Zephaniah also played the role of Jeremiah “Jimmy” Jesus in Peaky Blinders, appearing in 14 episodes. Upon hearing the news of his death, co-star Cillian Murphy said that he was “so saddened” by his news, adding: “Benjamin was a truly gifted and beautiful human being – a generational poet, writer, musician and activist. A proud Brummie and a Peaky Blinder.”

Zephaniah was born April 1958 in Handsworth, Birmingham, which he thought of as a “cold suburb of Kingston, Jamaica”. He began performing poetry locally in his early teenage years. He had dyslexia, and he left school aged 14.

In 1979, he moved to London, and his first collection, Pen Rhythm, was published. He began performing at demonstrations, youth gatherings and outside police stations. “I was a big protester, not just against racism but also apartheid. We are a multicultural society but the institutions have to catch up with us,” he said in 2019.

His poetry often directly responded to historical and current events. His second poetry collection, The Dread Affair, was published in 1985 and featured a number of poems attacking the British legal system. In 1990, he published Rasta Time in Palestine, containing poetry and travelogue based on a visit to the Palestinian occupied territories. In 1999, he wrote What Stephen Lawrence Has Taught Us as part of the campaign to find the murderers of the 18-year-old south-east Londoner.

His work, which appeared on the national curriculum, was heavily influenced by Jamaican music and poetry, and he was often classified as a dub poet.
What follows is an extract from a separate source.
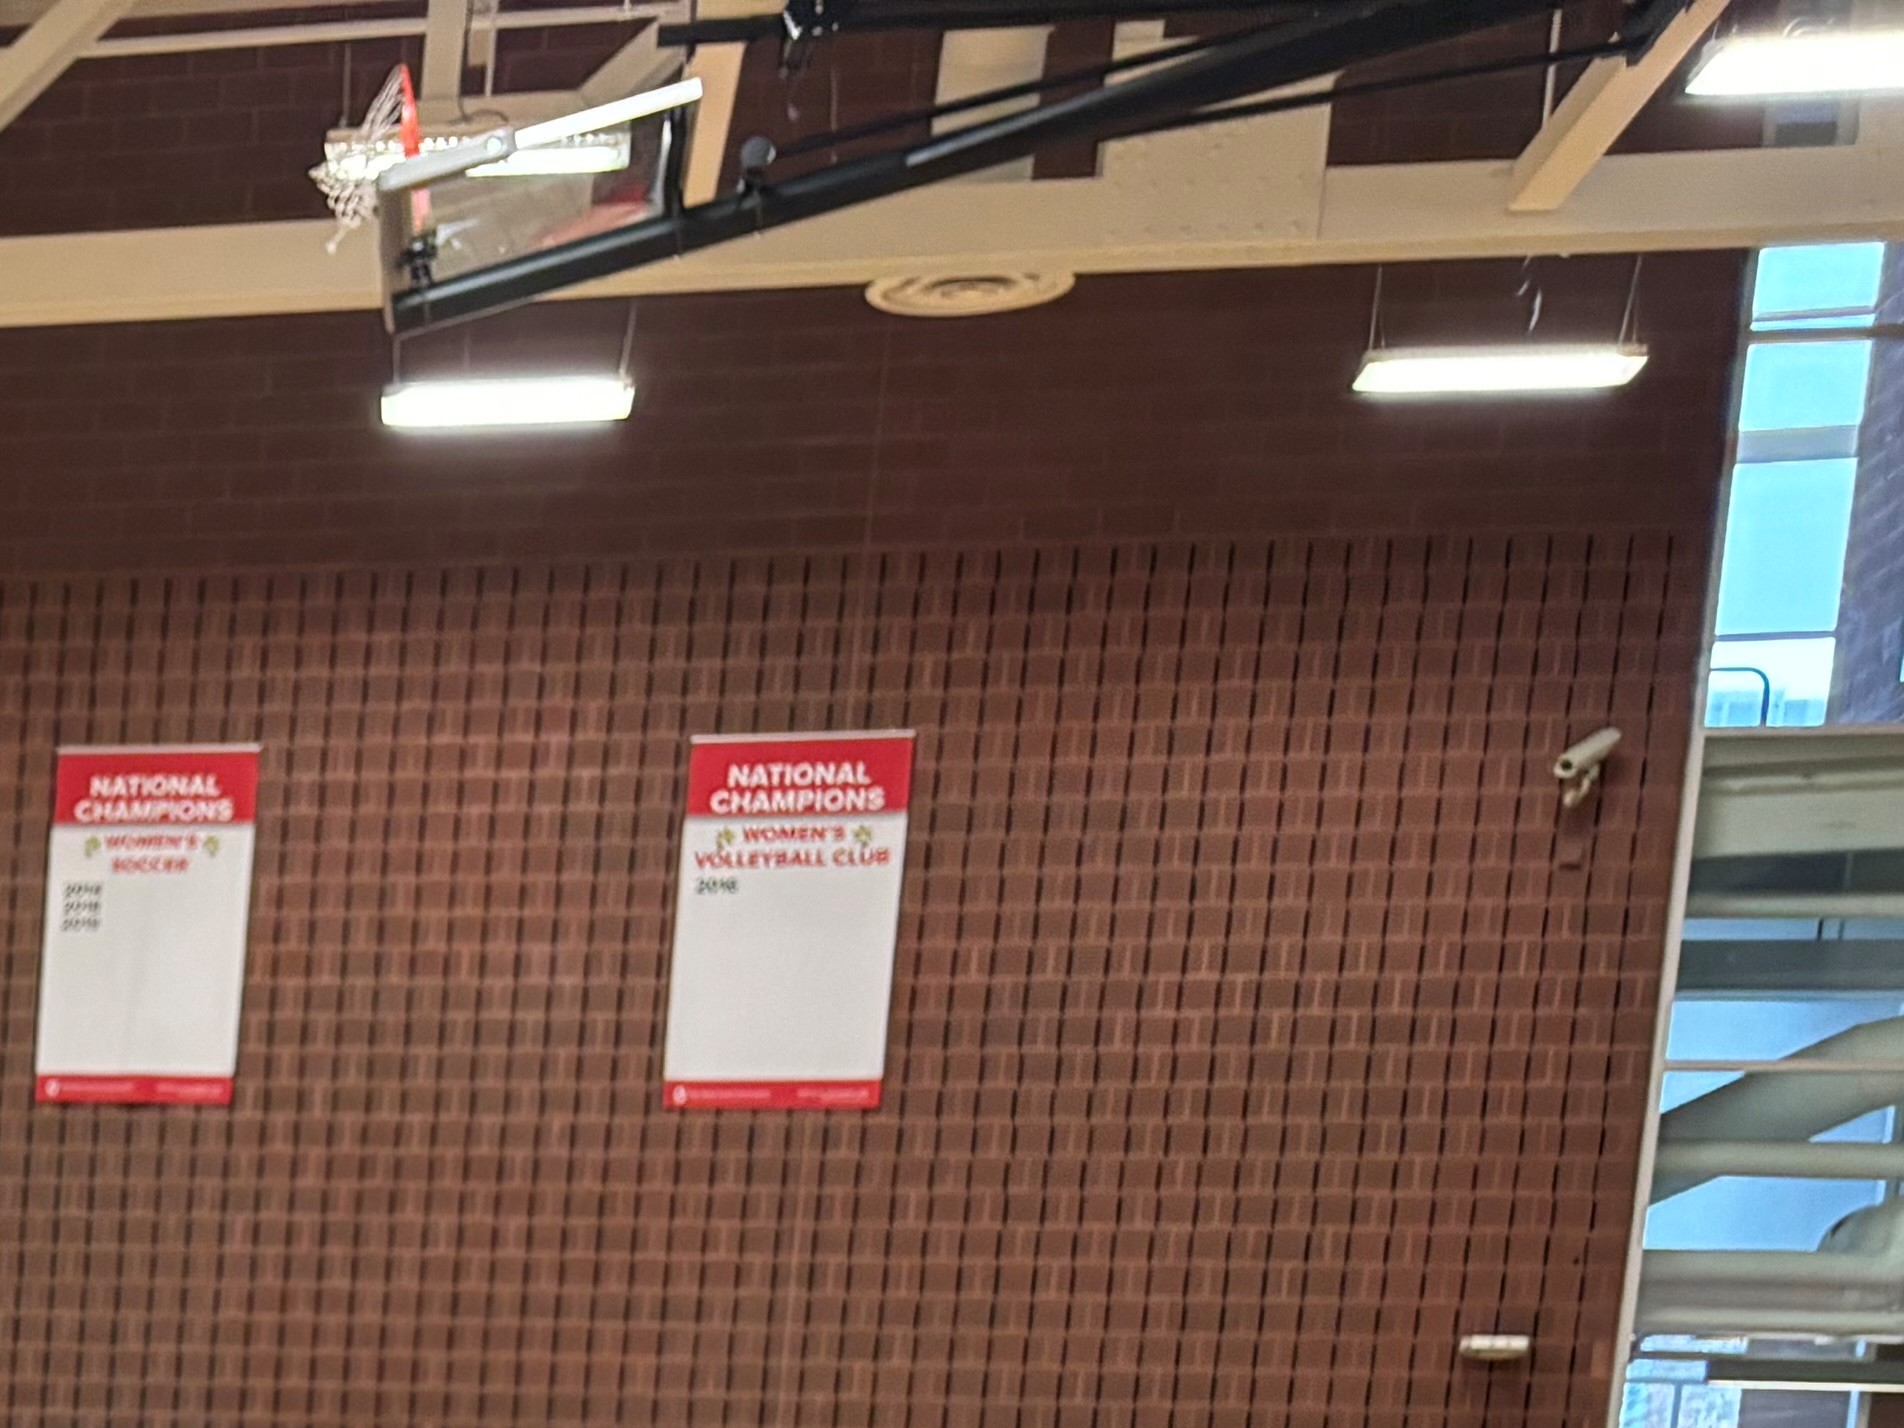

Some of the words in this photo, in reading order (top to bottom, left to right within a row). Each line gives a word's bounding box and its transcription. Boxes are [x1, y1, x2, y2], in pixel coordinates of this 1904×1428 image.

He also released a number of albums, and was the first person to record with the Wailers after the death of Bob Marley in a tribute to Nelson Mandela. Mandela heard the tribute while in prison, and later asked to meet Zephaniah. When a concert honouring Mandela was held at the Royal Albert Hall in 1996, Mandela asked Zephaniah to host it.

In the 1990s, his publications became more frequent; he released several collections including Talking Turkeys, Inna Liverpool and School’s Out: Poems Not for School. He also concentrated his performing outside Europe.

In 2003, Zephaniah rejected his OBE. “Me? I thought, OBE me? Up yours, I thought,” he wrote in the Guardian. “I get angry when I hear that word ‘empire’; it reminds me of slavery, it reminds of thousands of years of brutality, it reminds me of how my foremothers were raped and my forefathers brutalised.”

Zephaniah was also an animal rights activist and an ambassador for the Vegan Society. When he was nine, he decided to stop eating animals. “I experienced racism in and out of the classroom, so in the playground I would often find myself sitting in a corner talking to the local cats,” he wrote in the Guardian last year. “When the cats were away, I’d talk to the birds and the bees. Amazingly, I never met a racist animal.” Veganism also appeared as a theme in his poetry: Talking Turkeys, from his first book of children’s poetry, has the opening line “Be nice to your turkeys this Christmas”, and in 2001 he published The Little Book of Vegan Poems.

He wrote several novels including Refugee Boy, about political asylum, and Face, about a boy who suffers facial injuries after an accident. His autobiography, The Life and Rhymes of Benjamin Zephaniah, was published to coincide with his 60th birthday.